3. La misericordia es una virtud que se distingue de todas las demás porque tiene un objeto y una razón propios. El objeto de la misericordia consiste en aliviar el sufrimiento ajeno. Y el motivo es considerar como propio el sufrimiento ajeno.

El objeto de la misericordia

4. El sufrimiento es un mal, y en el orden de las cosas humanas, el mal se divide proporcionalmente entre el pecado y la pena. La diferencia capital entre estas dos clases de males está en que el pecado se comete mientras que la pena se padece. Todo mal sufrido involuntariamente[6] es en efecto una pena, ya que todo mal se sufre precisamente a consecuencia de un pecado, original o personal, del cual es justo castigo providencial. Y todo mal cometido voluntariamente es pecado, ya que todo mal se se comete contra la eterna ley divina. Si se considera con toda precisión, se comprende que el pecado y la pena son opuestos entre sí: un mismo mal no puede ser a la vez lo uno y lo otro en una misma  relación, porque no puede ser a la vez y en una misma relación cometido y sufrido. Siguiendo en esta línea de precisión, diremos que el pecado, como es un mal cometido adrede, y en la medida exacta en que lo es, pide por sí mismo la justicia y por consiguiente el castigo o la pena; la pena, al contrario, como es un mal que se padece, contra la propia voluntad, puede suscitar la misericordia en la medida en que el pecado que la ha merecido se convierte para el pecador en objeto de eficaz arrepentimiento, o sea de penitencia.

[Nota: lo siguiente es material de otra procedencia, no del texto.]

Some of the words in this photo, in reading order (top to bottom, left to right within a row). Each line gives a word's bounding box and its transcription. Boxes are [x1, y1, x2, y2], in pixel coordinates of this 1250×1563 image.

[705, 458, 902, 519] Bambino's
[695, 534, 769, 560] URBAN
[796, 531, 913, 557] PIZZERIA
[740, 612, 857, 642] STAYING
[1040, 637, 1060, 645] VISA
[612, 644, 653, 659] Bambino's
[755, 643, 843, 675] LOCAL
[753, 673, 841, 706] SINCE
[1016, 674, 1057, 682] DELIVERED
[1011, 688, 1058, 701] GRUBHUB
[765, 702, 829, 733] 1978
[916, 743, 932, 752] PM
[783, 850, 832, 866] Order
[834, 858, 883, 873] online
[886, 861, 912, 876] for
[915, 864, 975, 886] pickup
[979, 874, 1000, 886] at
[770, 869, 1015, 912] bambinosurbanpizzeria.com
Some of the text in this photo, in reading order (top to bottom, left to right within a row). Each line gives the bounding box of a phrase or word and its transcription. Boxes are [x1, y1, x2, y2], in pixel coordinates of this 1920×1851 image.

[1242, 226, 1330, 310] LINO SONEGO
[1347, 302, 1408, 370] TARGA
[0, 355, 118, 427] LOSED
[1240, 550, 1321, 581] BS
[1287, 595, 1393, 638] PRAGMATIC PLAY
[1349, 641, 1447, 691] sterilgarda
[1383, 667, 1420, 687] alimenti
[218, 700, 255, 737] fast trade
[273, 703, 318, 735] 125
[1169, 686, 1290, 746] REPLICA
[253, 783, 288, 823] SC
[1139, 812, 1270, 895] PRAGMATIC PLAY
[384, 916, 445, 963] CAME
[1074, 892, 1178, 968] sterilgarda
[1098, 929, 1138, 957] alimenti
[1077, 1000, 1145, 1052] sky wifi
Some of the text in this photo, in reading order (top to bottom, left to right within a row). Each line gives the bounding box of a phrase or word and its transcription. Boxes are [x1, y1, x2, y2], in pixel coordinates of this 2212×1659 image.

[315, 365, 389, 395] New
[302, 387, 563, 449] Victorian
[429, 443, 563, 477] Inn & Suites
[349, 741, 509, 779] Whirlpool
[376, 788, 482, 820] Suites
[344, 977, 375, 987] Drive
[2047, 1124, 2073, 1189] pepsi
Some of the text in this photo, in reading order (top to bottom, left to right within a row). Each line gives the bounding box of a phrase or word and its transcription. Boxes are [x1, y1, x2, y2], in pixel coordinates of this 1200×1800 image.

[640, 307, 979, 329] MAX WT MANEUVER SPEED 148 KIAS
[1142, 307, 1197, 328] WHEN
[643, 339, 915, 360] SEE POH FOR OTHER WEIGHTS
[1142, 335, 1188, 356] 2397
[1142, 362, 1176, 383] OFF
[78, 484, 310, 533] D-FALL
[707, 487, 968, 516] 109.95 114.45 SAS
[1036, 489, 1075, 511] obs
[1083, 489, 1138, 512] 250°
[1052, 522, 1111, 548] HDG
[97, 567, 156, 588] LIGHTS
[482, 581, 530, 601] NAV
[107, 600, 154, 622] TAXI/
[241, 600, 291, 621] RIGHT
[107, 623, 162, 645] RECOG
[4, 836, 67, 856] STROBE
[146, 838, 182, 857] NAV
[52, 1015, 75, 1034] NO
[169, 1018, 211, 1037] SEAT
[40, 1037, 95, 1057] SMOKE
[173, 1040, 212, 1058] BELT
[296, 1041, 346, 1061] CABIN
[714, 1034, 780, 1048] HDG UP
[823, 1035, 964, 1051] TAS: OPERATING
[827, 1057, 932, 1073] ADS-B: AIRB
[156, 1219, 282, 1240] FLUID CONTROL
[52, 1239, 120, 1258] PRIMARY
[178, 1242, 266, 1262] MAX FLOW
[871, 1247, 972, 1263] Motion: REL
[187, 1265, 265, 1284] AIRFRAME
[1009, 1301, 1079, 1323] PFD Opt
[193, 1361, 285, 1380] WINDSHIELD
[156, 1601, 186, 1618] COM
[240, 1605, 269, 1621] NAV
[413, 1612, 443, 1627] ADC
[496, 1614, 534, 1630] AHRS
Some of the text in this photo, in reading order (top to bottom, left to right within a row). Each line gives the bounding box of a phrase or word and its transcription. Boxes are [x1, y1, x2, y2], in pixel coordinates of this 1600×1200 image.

5. La desgracia, objeto de la misericordia, es precisamente el mal sufrido a consecuencia de una pena. No hay, por tanto, que distinguir, desde el punto de vista de la misericordia, entre el pecador (que merecería la misericordia) y el pecado (que se debería reprobar), por ejemplo, entre el homosexual y la homosexualidad, o entre el adúltero y el adulterio. Como tal, el pecador se define como aquel que comete voluntariamente pecado, el homosexual como el que comete voluntariamente el acto contra natura, el adúltero como quien comete voluntariamente la injusticia de ser infiel a su cónyuge. Si el pecador peca voluntariamente merece la misma reprobación que su pecado, y por eso no merece misericordia alguna. Es posible distinguir a otro nivel, porque en unas mismas cosas pueden encontrarse aspectos diferentes. Un pecado, que forzosamente es voluntario, puede depender al mismo tiempo del libre consentimiento y de factores que lo han motivado y son debilidades: por ahí se introduce una involuntariedad que atenúa el pecado; visto desde esta perspectiva, deja de ser un mal cometido y se convierte en un mal sufrido, y por tanto, en una desgracia, que reclama más bien la disculpa y el perdón, la misericordia. En consecuencia, si es preciso establecer una distinción, tiene que ser entre el pecado y  la desgracia, entre el pecador y el desgraciado, entre la homosexualidad (o el homosexual) y la debilidad de una concupiscencia contra natura, entre el adúltero y la debilidad de una concupiscencia, desgraciadamente, demasiado común. Por accidente, el pecador (y no su pecado) puede ser objeto de misericordia, no en la medida en que comete de manera voluntaria una mala acción, sino porque padece involuntariamente el peso de una mala concupiscencia que lo impulsa, a su pesar, a contravenir la ley divina. En este sentido, se puede decir con verdad que hay que compadecerse del pecador y ayudarle, antes que indignarse y condenarlo. Es que lo entendemos formalmente también en su aspecto de sufrimiento, por donde nos parece que tiene excusa; lo explicamos según lo que haya podido incorporarse en él de involuntario. Y lo entendemos también según el aspecto en que puede detestar la mala acción cometida y tratar de repararla. Desde todos estos puntos de vista, pero sólo desde ellos, la misericordia puede tener por objeto aliviar la desgracia del pecador.

Razón de la misericordia

6. La razón de la misericordia es siempre considerar el sufrimiento ajeno como propio. Esto es fácil de comprender si se tiene presente que fundamentalmente la misericordia es una tristeza y que no nos dolería el dolor ajeno si no nos conmoviera. Y el dolor nos conmueve porque participamos de él, es decir, que lo hacemos nuestro. De lo que se trata es de saber por qué hacemos nuestro el dolor ajeno.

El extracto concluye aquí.